Alguns comportamentos como:
- Passar horas diante de redes sociais,
- Jogar vídeo game excessivamente,
- O uso exagerado de álcool, maconha e outras drogas
Podem exercer uma função de anestesia diante do bombardeamento de informações e estímulos e da dor causada pela dificuldade em processá-los e elaborá-los.
Pode ser observada uma enorme frustração e irritação diante de acontecimentos que requerem soluções lentas e trabalhosas.
A construção de uma carreira de sucesso, por exemplo, é tão almejada e cobrada na nossa sociedade atual, mas requer um trabalho mais árduo e um tempo muitas vezes longo para o crescimento profissional. É comum entre jovens adultos observar trocas constantes de empresa diante de uma frustração muito grande diante da demora para uma promoção, uma sensação de não reconhecimento e uma dificuldade enorme em esperar o tempo necessário para subir os degraus para chegar até o destino almejado.
Qual é a contribuição da psicanálise?
Diversos autores da psicanálise falam da importância da falta, do momento de uma ausência para a construção da capacidade de pensar. Aqui estamos falando do pensamento reflexivo que nos permite elaborar as nossas experiências, dar sentido a elas, para somente depois passar ao agir.
Isso exige um momento de parada, de espera, uma tomada de tempo de aprendizagem e de elaboração. E parar tudo vai na contracorrente dos tempos de tecnologia, de pressa, de cobrança de sucesso rápido, produtividade, aceleração e felicidade plena.
Se estamos constantemente preenchidos por informações, estímulos e trabalho, quando vamos conseguir o espaço vazio necessário para o pensamento e simbolização de tudo o que essas coisas suscitam internamente?
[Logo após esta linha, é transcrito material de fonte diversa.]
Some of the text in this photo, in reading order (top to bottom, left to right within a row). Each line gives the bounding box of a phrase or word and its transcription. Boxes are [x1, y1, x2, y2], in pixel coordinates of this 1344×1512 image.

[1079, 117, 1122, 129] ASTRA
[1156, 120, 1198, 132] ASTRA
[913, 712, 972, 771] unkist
Quando você se deu esse tempo pela última vez?
Muitos têm buscado a meditação para construir para si esse espaço, mas é frequente se escutar que é difícil ficar 5 minutos de olhos fechados “sem fazer nada” e sem olhar para o celular. E é preciso tempo e paciência para construir essa habilidade, se isso até hoje não foi possível para você.
Além da meditação, existe muita gente que aproveita o tempo do banho, de uma caminhada, ou até mesmo de lavar as roupas para refletir e entrar em contato com as partes de si mesmo que podem ter ficado negligenciadas durante a rotina corrida.
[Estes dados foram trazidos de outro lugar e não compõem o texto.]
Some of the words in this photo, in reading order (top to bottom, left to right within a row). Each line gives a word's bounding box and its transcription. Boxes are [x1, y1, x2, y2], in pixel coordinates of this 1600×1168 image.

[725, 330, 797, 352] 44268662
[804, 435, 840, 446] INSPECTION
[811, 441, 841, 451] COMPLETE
Então não estamos apenas falando de uma necessidade de muito tempo livre para ter esse momento, mas de um tempo em que se faça o exercício de voltar-se para si mesmo e entrar em contato com os sentimentos que podem não ser percebidos em meio a tanta agitação.
Esse momento de reflexão pode ser encontrado nas sessões de terapia, onde uma escuta qualificada pode auxiliar você na construção dessa habilidade de desacelerar e refletir um pouco mais sobre seus sentimentos e experiências de vida.
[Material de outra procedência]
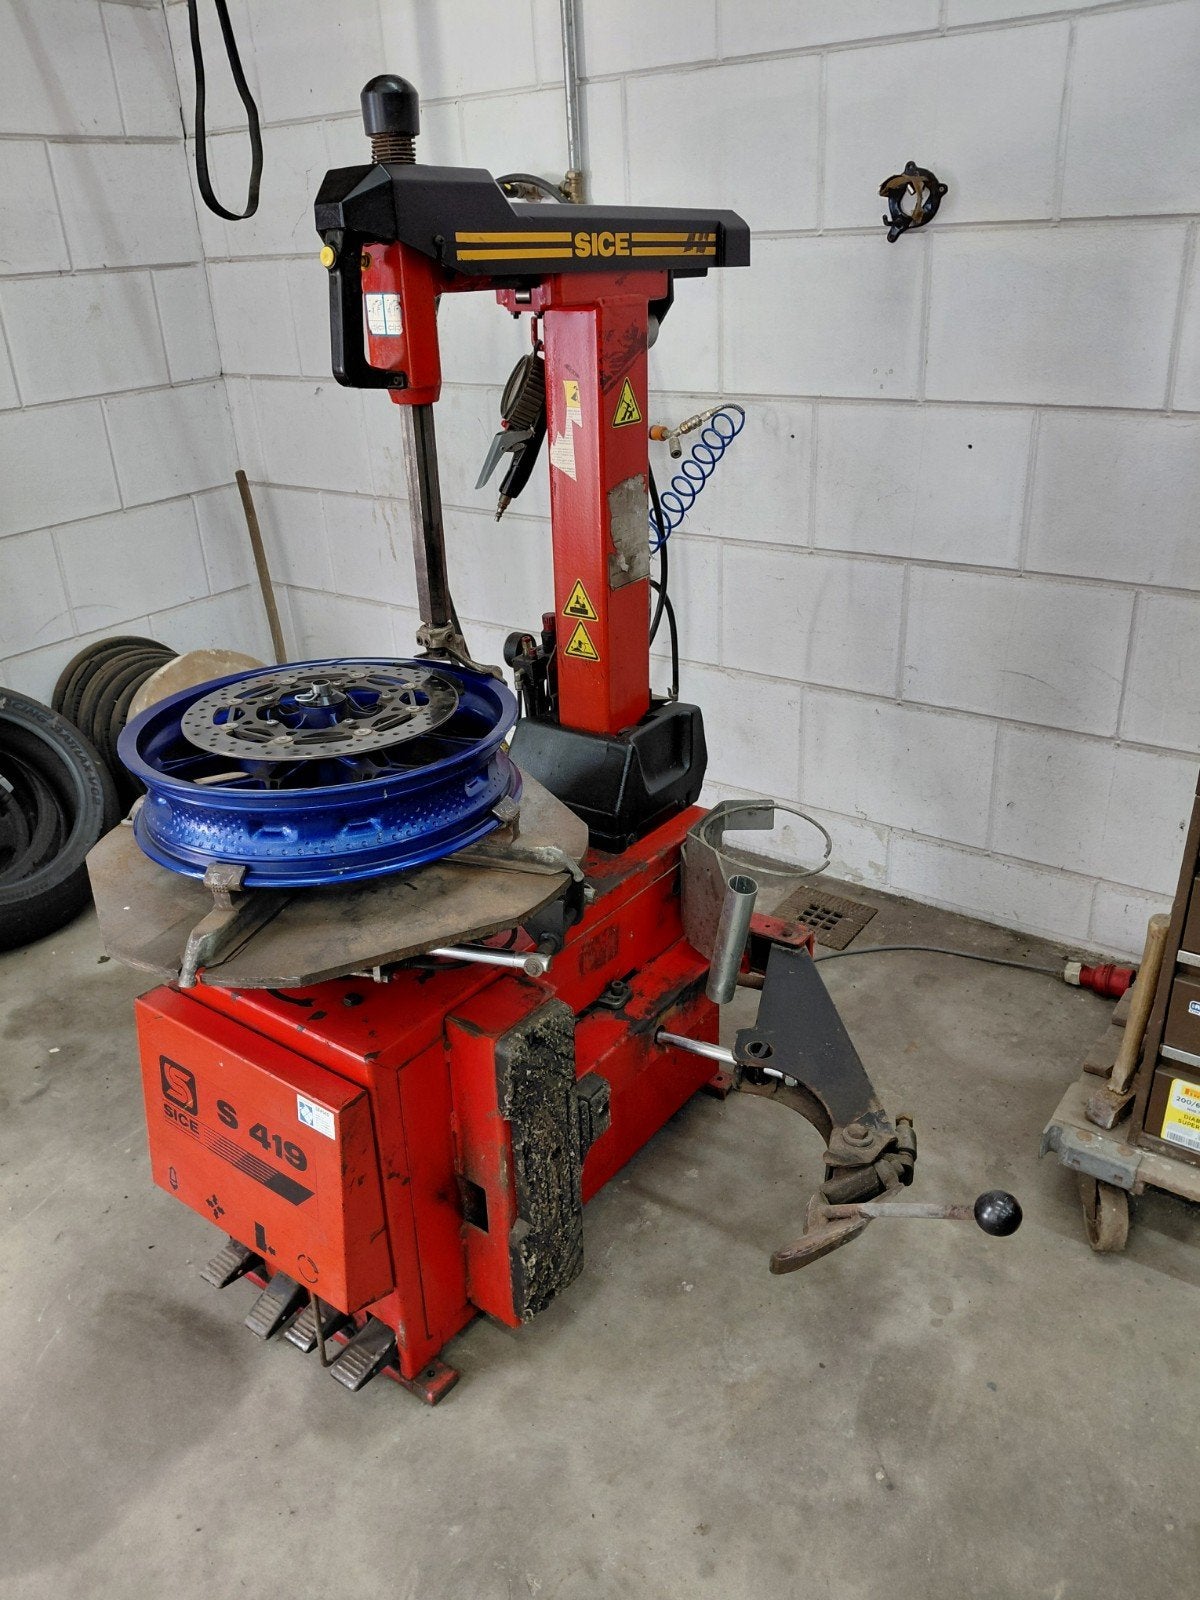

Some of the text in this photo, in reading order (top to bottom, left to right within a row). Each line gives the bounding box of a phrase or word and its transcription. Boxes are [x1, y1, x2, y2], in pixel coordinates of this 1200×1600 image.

[574, 231, 630, 258] SICE
[163, 1102, 200, 1135] SICE
[216, 1099, 239, 1130] S
[248, 1122, 308, 1172] 419
Imagine ter mais ou menos uma hora em sua semana que seja só para você, e nela você terá a ajuda de alguém que possa te ouvir (e te ajudar a se ouvir) e a diminuir um pouco a pressa para entender melhor o que você está sentindo e como isso pode estar afetando a maneira como você vê e leva a sua vida no dia a dia.
Essa é a proposta da psicoterapia diante da aceleração de toda a nossa rotina no restante da semana.
E o mais interessante é que o que ganhamos com o desacelerar é conseguirmos ser mais produtivos, estar mais presente naquelas atividades que fazemos em nosso dia a dia, ter um melhor autoconhecimento e, portanto, uma maior facilidade em fazer as escolhas necessárias para alcançar os objetivos mais importantes para a gente.